Origin Verified Publisher Trust List (OVPTL) Policy - Preview

Draft - Subject to Ratification of IPTC Media Provenance Committee


Project Origin is an alliance of leading organizations from the publishing and technology worlds, working together to create a process where the provenance and technical integrity of content can be confirmed, establishing a chain of trust from the publisher to the consumer. This allows the consumer to be assured that the content they are consuming really comes from the publisher they think it does, to "transit" the pre-existing trust that consumer has with this publisher, as a defense against attempts at impersonation by unknown adversaries.

Project Origin utilizes the Content Credentials technology developed by the Coalition for Content Provenance and Authenticity (C2PA). Content Credentials leaves decisions regarding trust anchors to the particular application and ecosystem in which it is being used, and it is in this regard that Project Origin defines trust anchors and policies for the news and media ecosystem, where trust relationships already exist between consumers and publishers, and those trust relationships are threatened by malicious third parties attempting to intercept and tamper with, or release, content impersonating those brands. In contrast to other public key infrastructures or C2PA-based ecosystems, identities in this ecosystem are particularly high-value, and the cost of a successful misappropriation or mis-issuance of signing credentials is particularly high, due to signed content being attributed to the signer effectively forever. As a result, this ecosystem demands a much more rigorous real-world standard of validating applicants for signing credentials, which we begin to define in this preview.

As of version 1.4 of the C2PA specification, the only supported signing credential type is X.509v3 certificates. Eventually, Project Origin intends to publish a list of root certificates from various Certification Authority (CA) operators that comply with this policy and standard, as well as a list of acceptable Extended Key Usages (EKUs) which consumers in this application ecosystem can rely upon for identifying the signers of content. Project Origin also intends to publish a list of root certificates from various CA operators that are suitable for signing time-stamps, in accordance with the C2PA standard.

In its current preview, Project Origin will publish a list of end-entity certificates that have been through a lightweight identity verification process, intended to serve the early requirements of news organisations wanting a C2PA certificate for identification and signing of their content.
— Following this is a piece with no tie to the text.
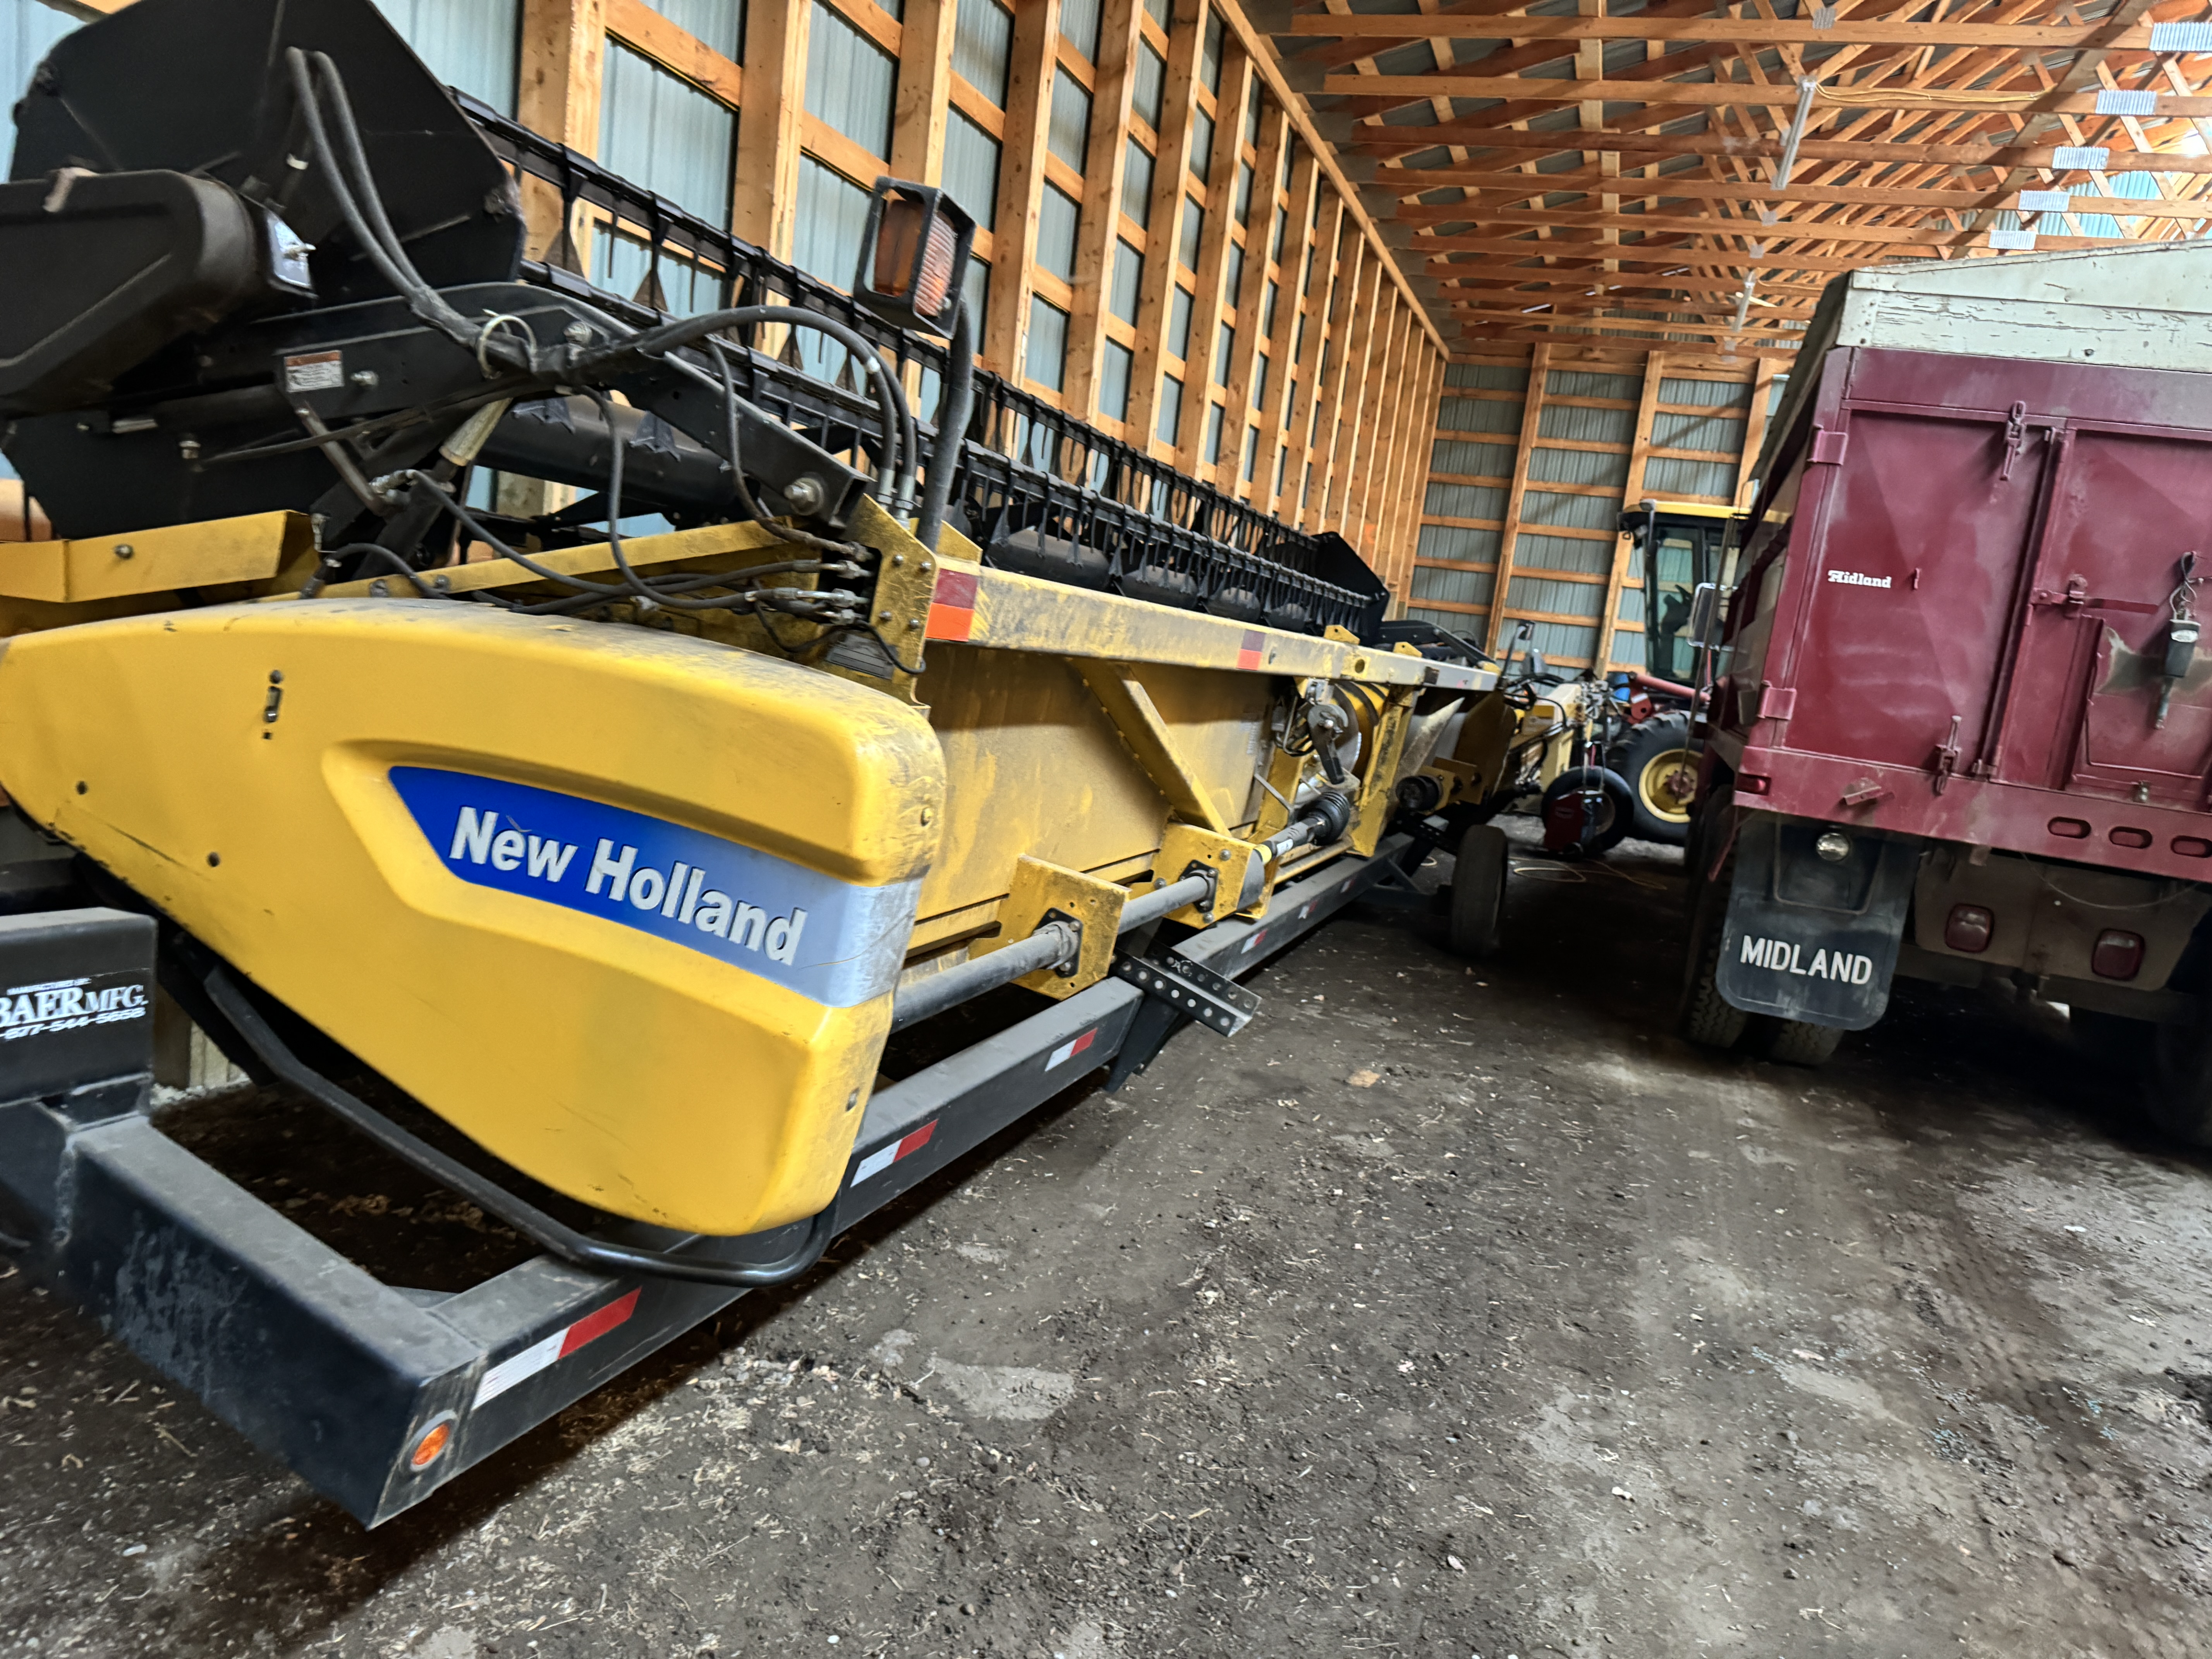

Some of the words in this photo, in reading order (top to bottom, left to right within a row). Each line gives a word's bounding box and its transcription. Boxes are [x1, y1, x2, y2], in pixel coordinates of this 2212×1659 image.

[1828, 570, 1892, 589] Midland
[449, 806, 578, 883] New
[585, 838, 808, 967] Holland
[1740, 935, 1873, 985] MIDLAND
This policy represents a "preview" of the Origin Trust List, not the final document, and will continue to be revised and expanded.

Getting onto the list

At the launch of the preview, the list will contain a handful of news organisations, whose identities have been vetted by the organisations who are members of Project Origin. After being vetted, these organisations have then had a certificate issued to them by Trupic, Inc., an early partner of Project Origin.

This is not intended to be the final process for issuing an "Origin Verified Publisher" certificate. As Project Origin develops as part of the IPTC Media Provenance Working Group, we fully expect to make this process much more open, and to move to a validation process involving multiple CA operators, issuing with EKUs tied to the identity verification process.

If you are a news publisher and you are interested in getting hold of an "Origin Verified Publisher" certificate for signing your content via C2PA / Content Credentials, then please get in touch on our Contact page.

Validation of Origin Verified Publisher certificates

Validators wishing to validate that a certificate was issued according to this policy can do the following:

  1. Get hold of the Origin Verified Publisher Trust List (OVPTL)
  2. Do either of the following
    1. assess whether the end entity certificate is on the OVPTL JSON, running through the `entities` array and comparing each `x5c` certificate with the certificate being validated
    2. assess whether the end entity certificate is on the OVPTL PEM list, running through the list, comparing each certificate with the certificate being validated

Relationship to C2PA 2.0 and a future "C2PA Public Trust List"

C2PA 2.0 includes a reference to a "C2PA Public Trust List", which is a currently unreleased list of root CAs which intend to issue end-entity certificates identifying hardware devices and software. It also allows for additional trust lists to be processed by the validator, of which the Origin Verified Publisher Trust List (OVPTL) is one.

It is the intention of this policy to be used in sympathy with the "C2PA Public Trust List", when released, with the expectation that the identity of the end-entities are mutually exclusive.

For example, a publishing organisation is an identity that could be issued as part of the Origin Verified Publisher Trust List, but that same organisation could also produce software. That software may also wish to gain identity separate from its developing organisation, and so the C2PA Public Trust List may be a good place to gain a certificate verifying that identity. Which certificate a given application or organisation wishes to use to sign is a decision for them, based on their use case, application and ecosystem.